• _Work request_
All of the data goes into your copy exactly as written. Images do not.

======

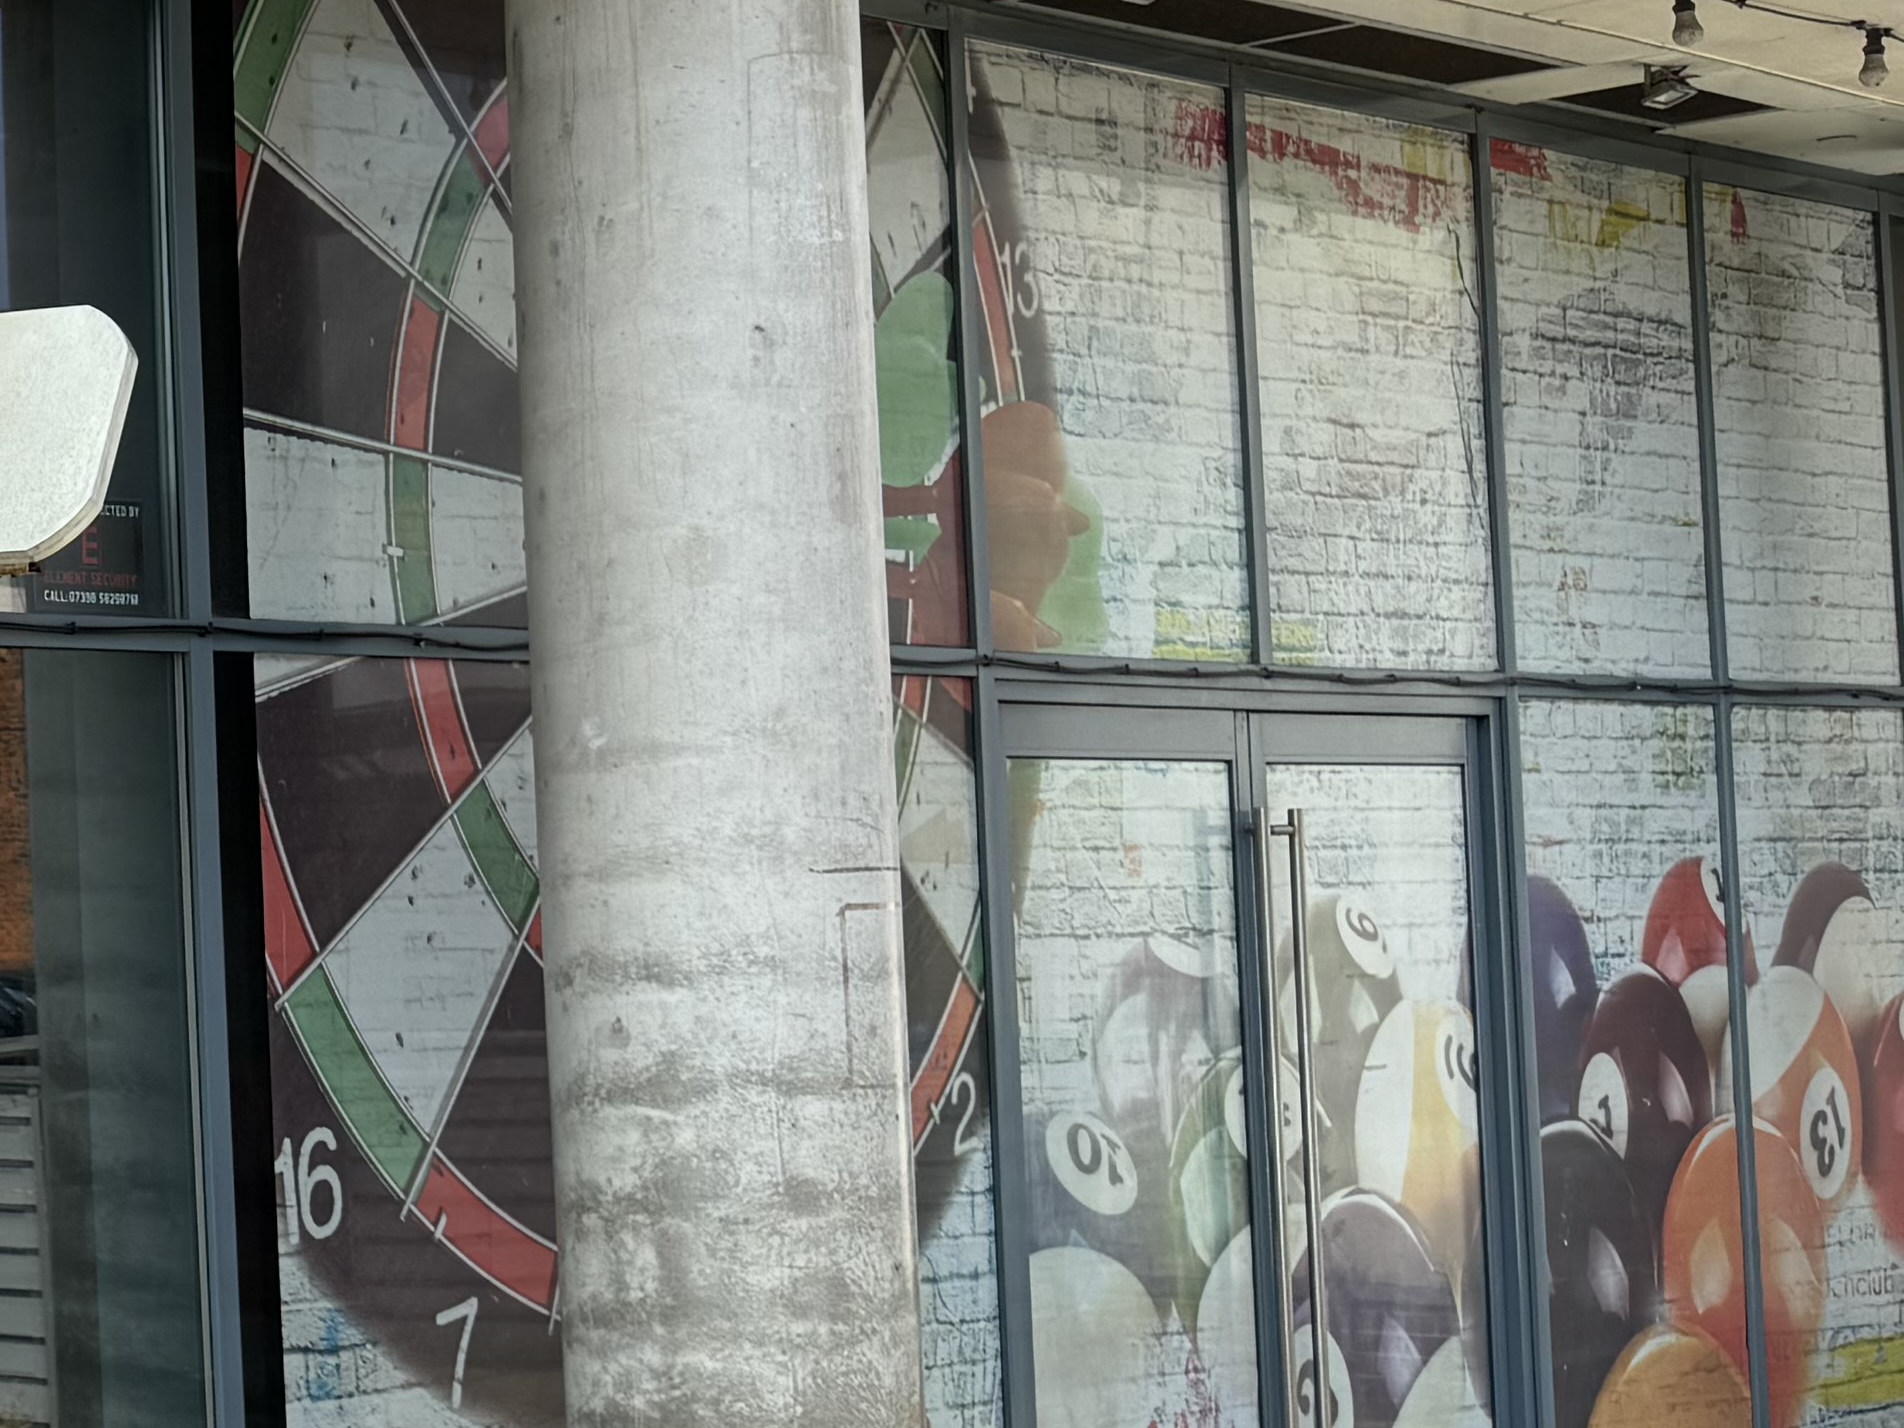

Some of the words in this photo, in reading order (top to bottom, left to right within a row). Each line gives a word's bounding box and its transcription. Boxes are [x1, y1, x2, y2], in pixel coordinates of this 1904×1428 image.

[998, 241, 1040, 318] 13
[950, 1070, 978, 1158] 2
[275, 1125, 344, 1246] 16
[435, 1297, 480, 1409] 7
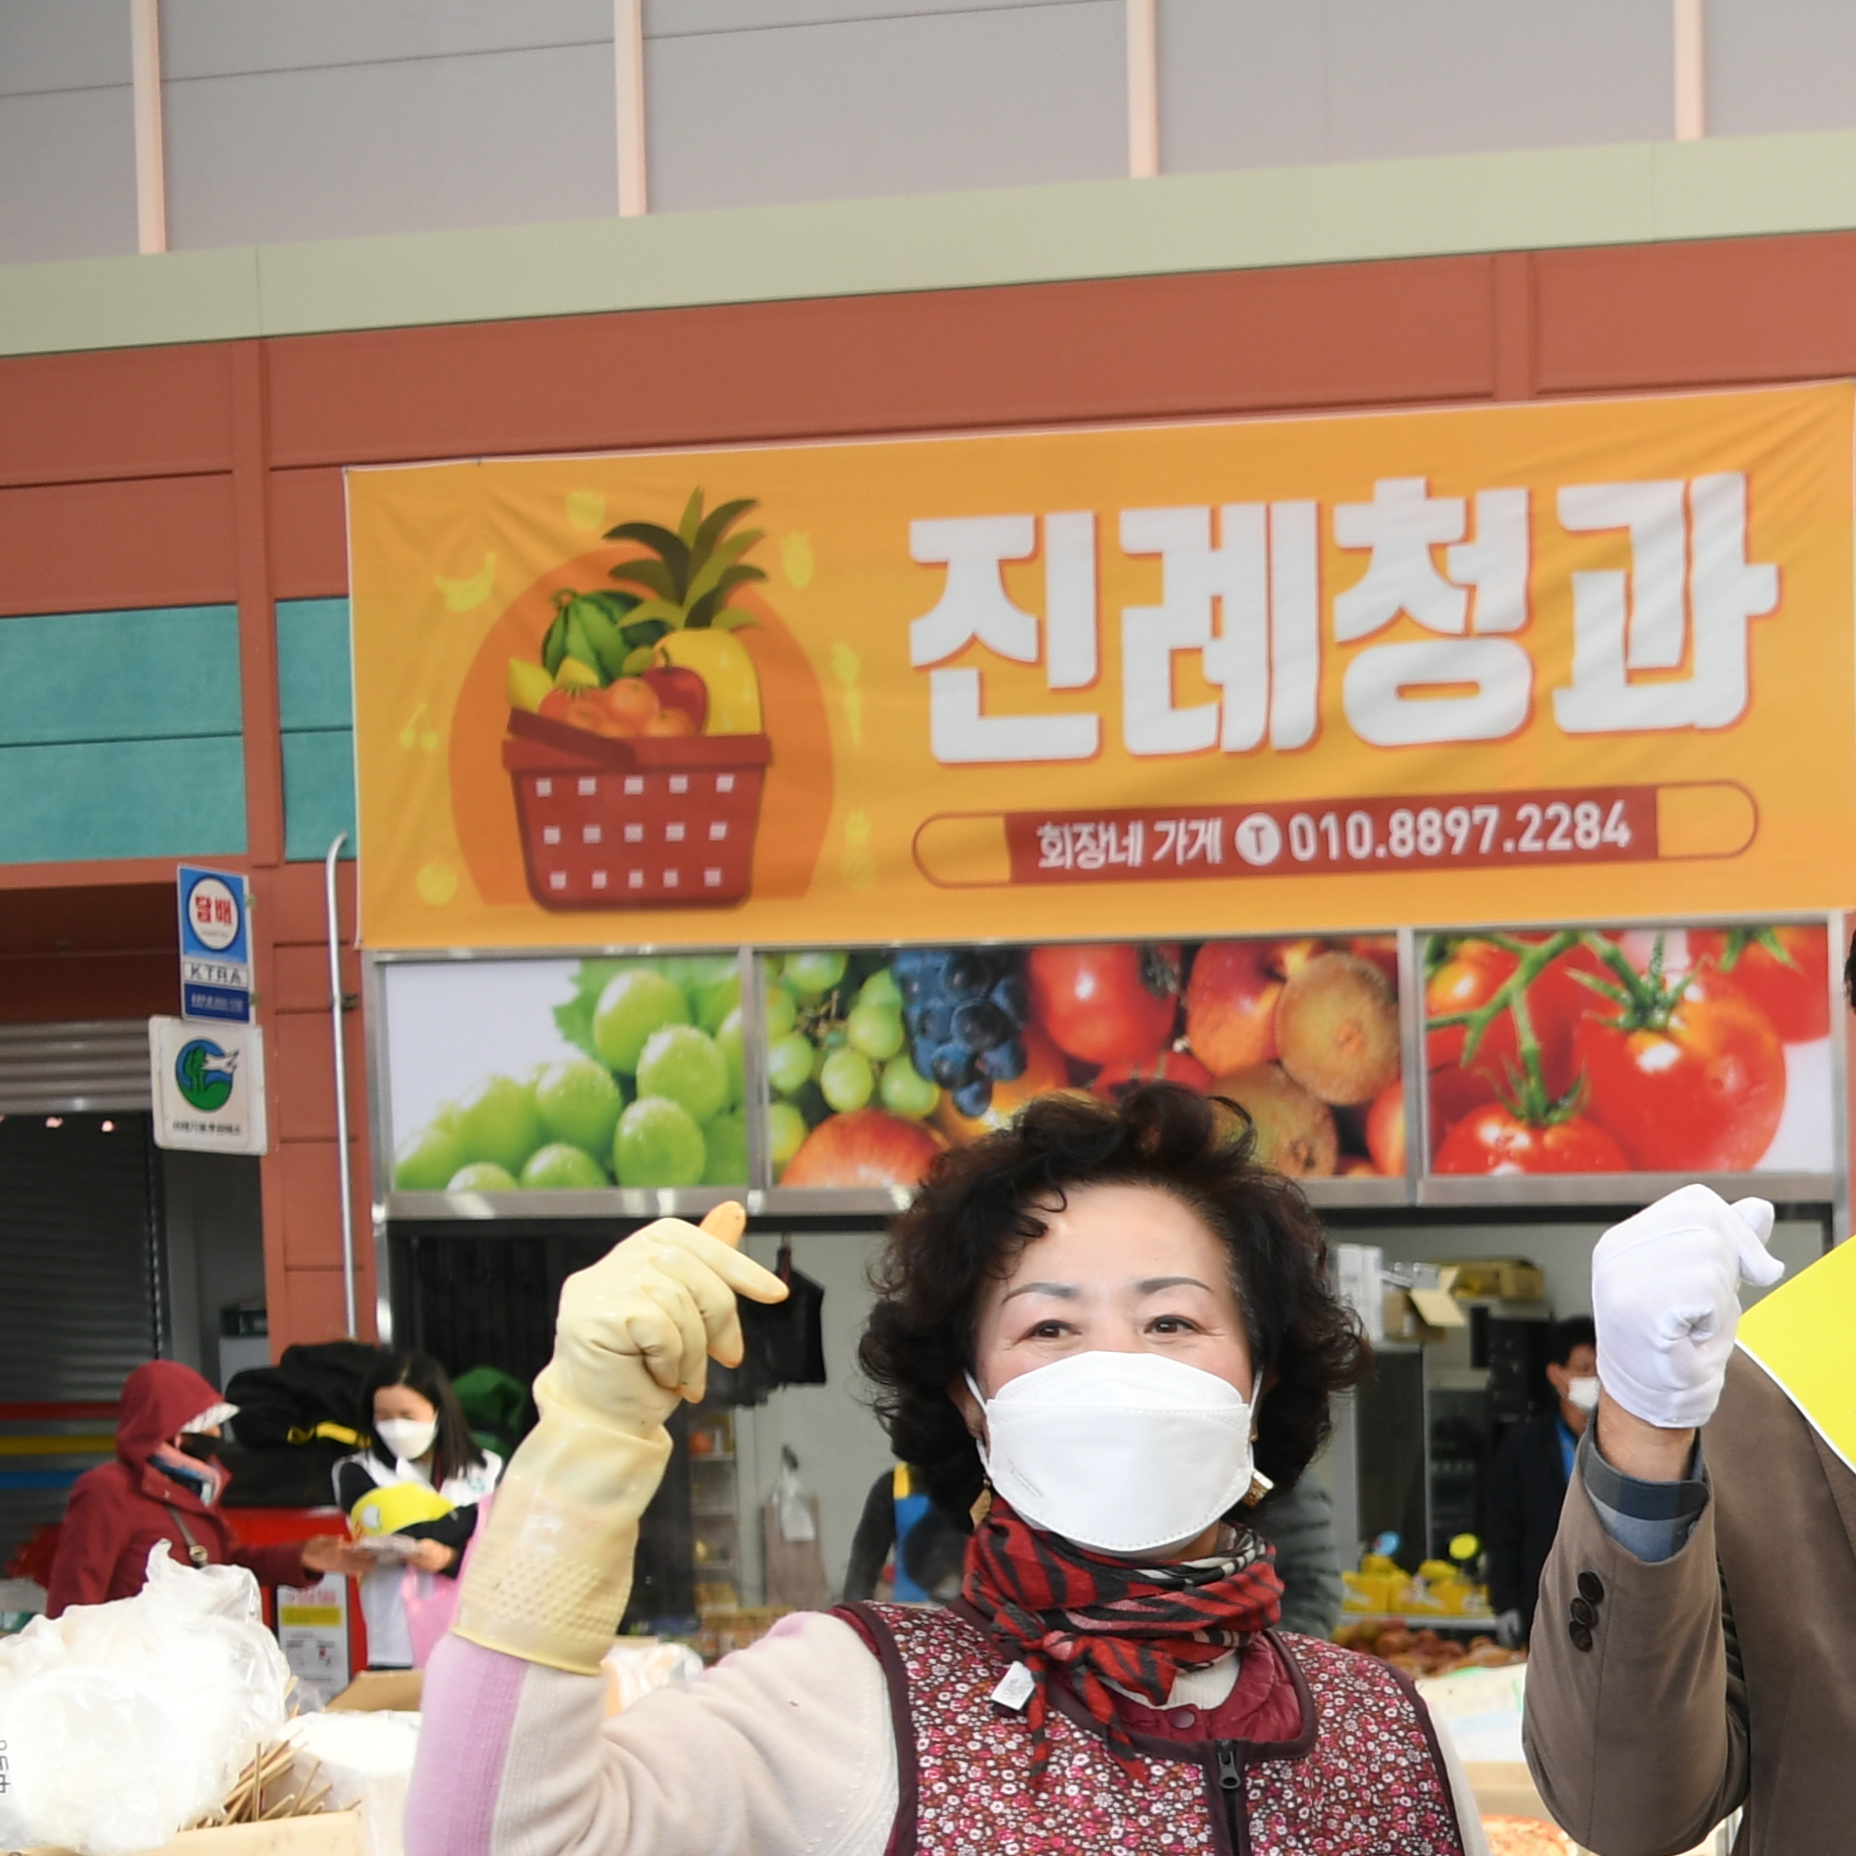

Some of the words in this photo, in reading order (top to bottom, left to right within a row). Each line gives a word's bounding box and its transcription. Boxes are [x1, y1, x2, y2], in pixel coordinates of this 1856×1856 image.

======

• _Solved exercise_
Some of the words in this photo, in reading order (top to bottom, left to right within a row). Each line gives a word's bounding box and its transcription. Boxes are [x1, y1, x2, y2], in pixel coordinates of this 1904×1428 image.

[998, 241, 1040, 318] 13
[950, 1070, 978, 1158] 2
[275, 1125, 344, 1246] 16
[435, 1297, 480, 1409] 7

Some of the words in this photo, in reading order (top to bottom, left to right within a row). Each line gives a word's bounding box and its transcription. Boxes are [x1, y1, x2, y2], in pixel coordinates of this 1856×1856 image.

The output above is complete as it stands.